> Exercise prompt: When you reach a picture, pass over it; otherwise repeat the listing word for word.

--- Material for this exercise Enclosed Below ---

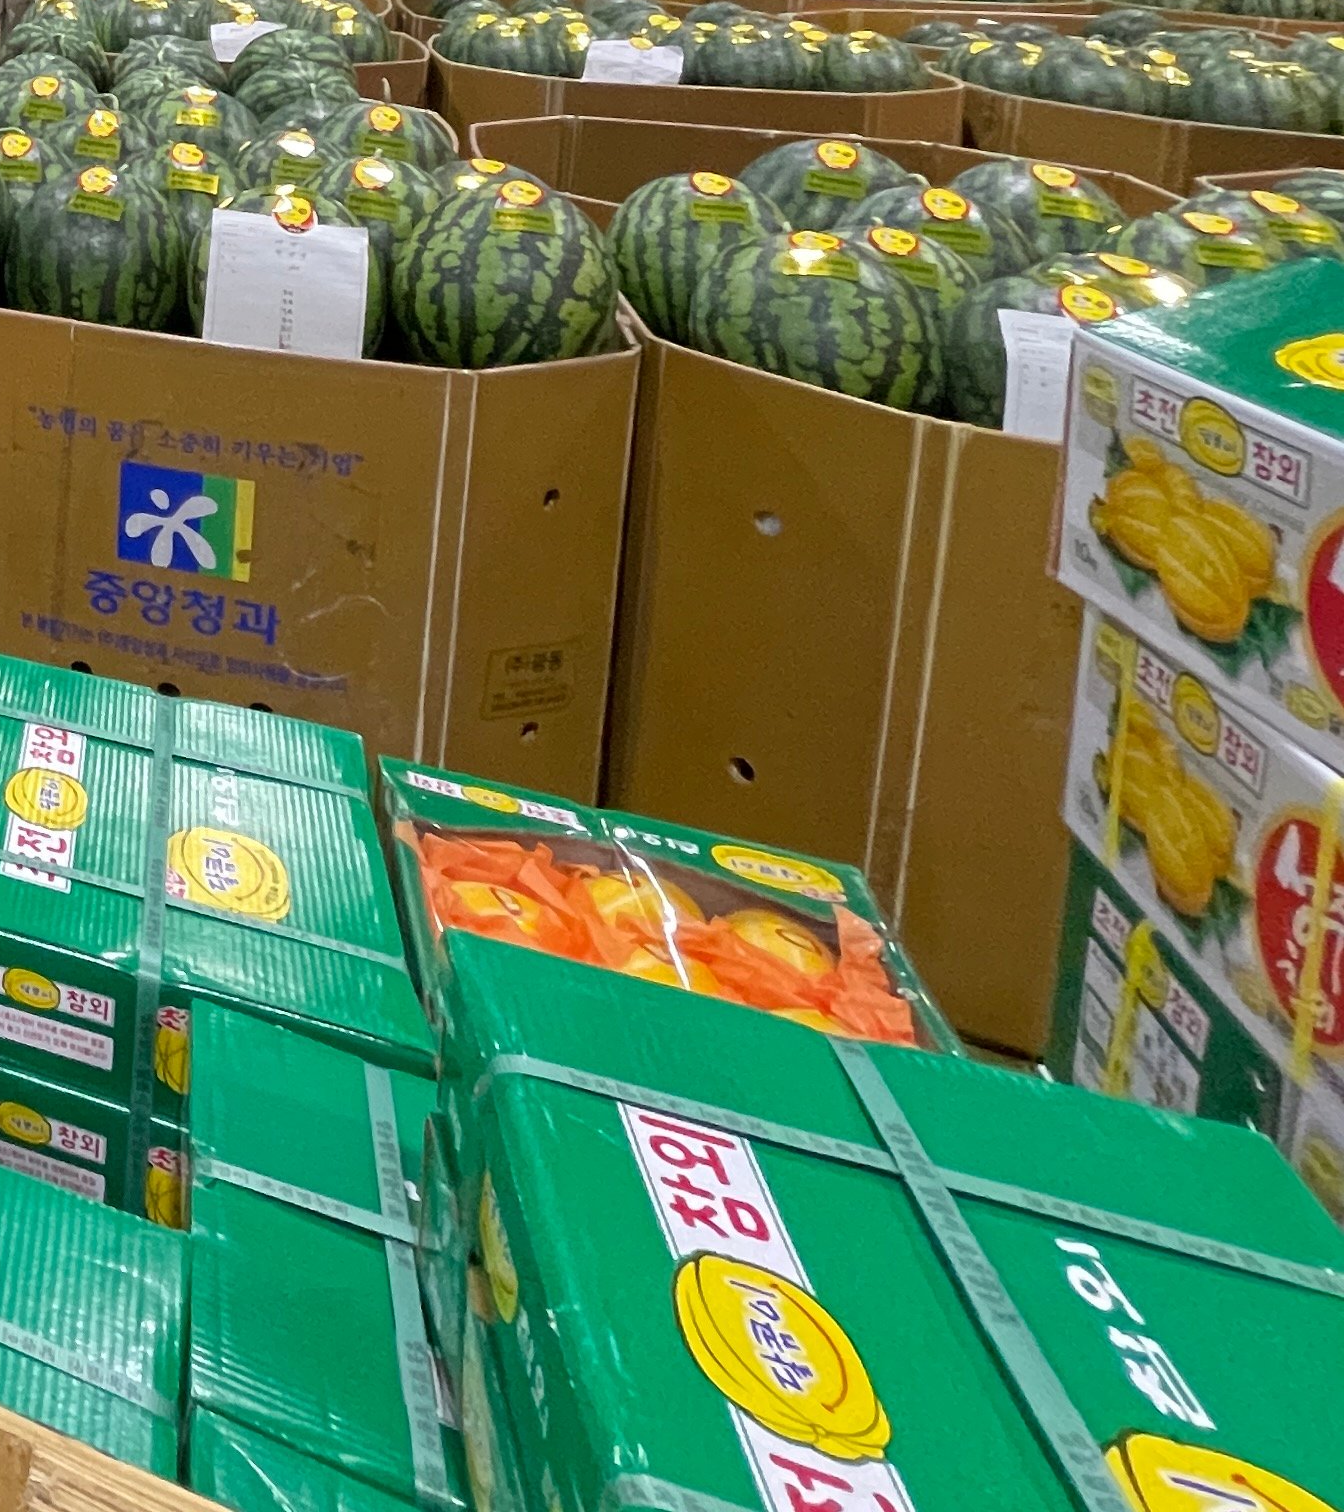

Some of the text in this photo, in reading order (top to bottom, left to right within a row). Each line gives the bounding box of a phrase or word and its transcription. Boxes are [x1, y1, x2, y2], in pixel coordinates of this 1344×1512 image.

[1135, 389, 1177, 435] 초전
[1253, 441, 1301, 498] 참외
[83, 569, 281, 647] 중앙청과
[67, 989, 109, 1022] 참외
[58, 1125, 101, 1159] 참외
[638, 1114, 771, 1244] 참외
[728, 1278, 815, 1393] 달콤이
[1054, 1237, 1218, 1431] 참외
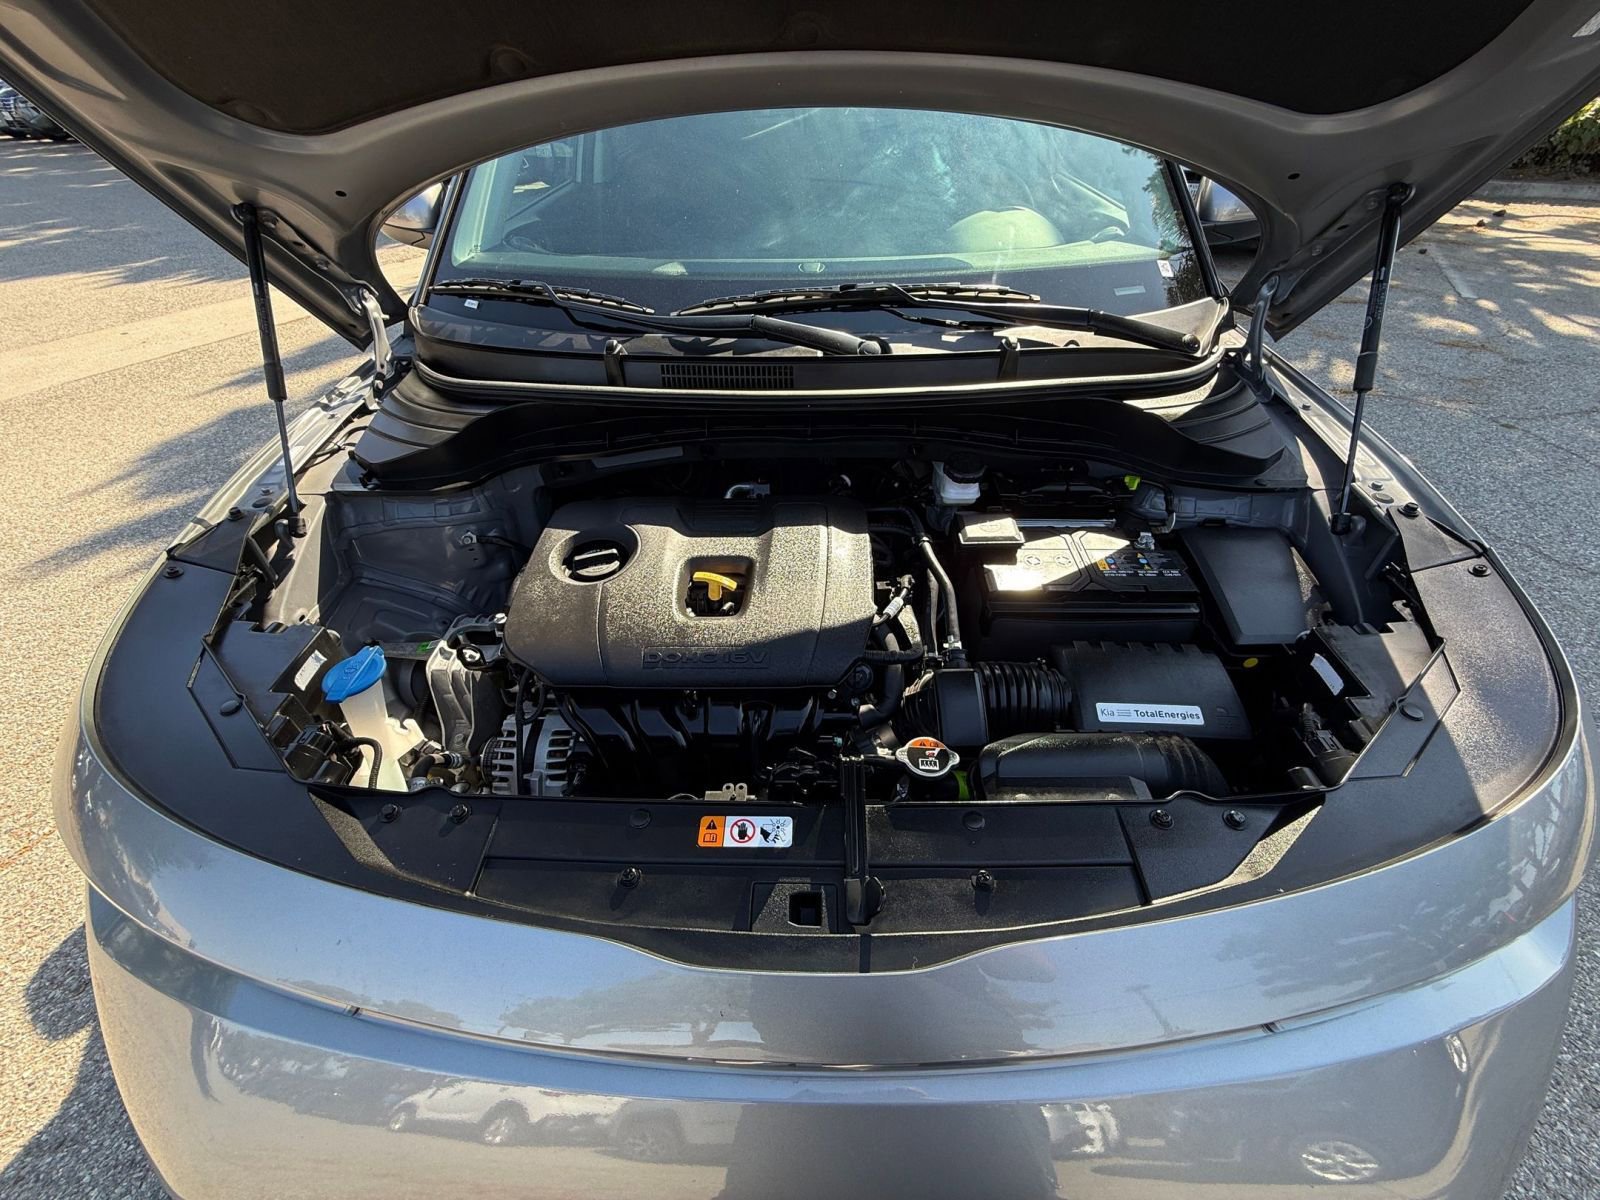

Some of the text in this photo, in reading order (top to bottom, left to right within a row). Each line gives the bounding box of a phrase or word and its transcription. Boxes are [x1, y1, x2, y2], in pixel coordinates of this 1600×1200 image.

[643, 651, 719, 664] DOHC
[1101, 708, 1201, 720] Kia TotalEnergies

--- End of Enclosed Material for this exercise ---

> Answer box:
Some of the text in this photo, in reading order (top to bottom, left to right within a row). Each line gives the bounding box of a phrase or word and its transcription. Boxes are [x1, y1, x2, y2], in pixel coordinates of this 1344×1512 image.

[1135, 389, 1177, 435] 초전
[1253, 441, 1301, 498] 참외
[83, 569, 281, 647] 중앙청과
[67, 989, 109, 1022] 참외
[58, 1125, 101, 1159] 참외
[638, 1114, 771, 1244] 참외
[728, 1278, 815, 1393] 달콤이
[1054, 1237, 1218, 1431] 참외

Some of the text in this photo, in reading order (top to bottom, left to right within a row). Each line gives the bounding box of a phrase or word and its transcription. Boxes are [x1, y1, x2, y2], in pixel coordinates of this 1600×1200 image.

[643, 651, 719, 664] DOHC
[1101, 708, 1201, 720] Kia TotalEnergies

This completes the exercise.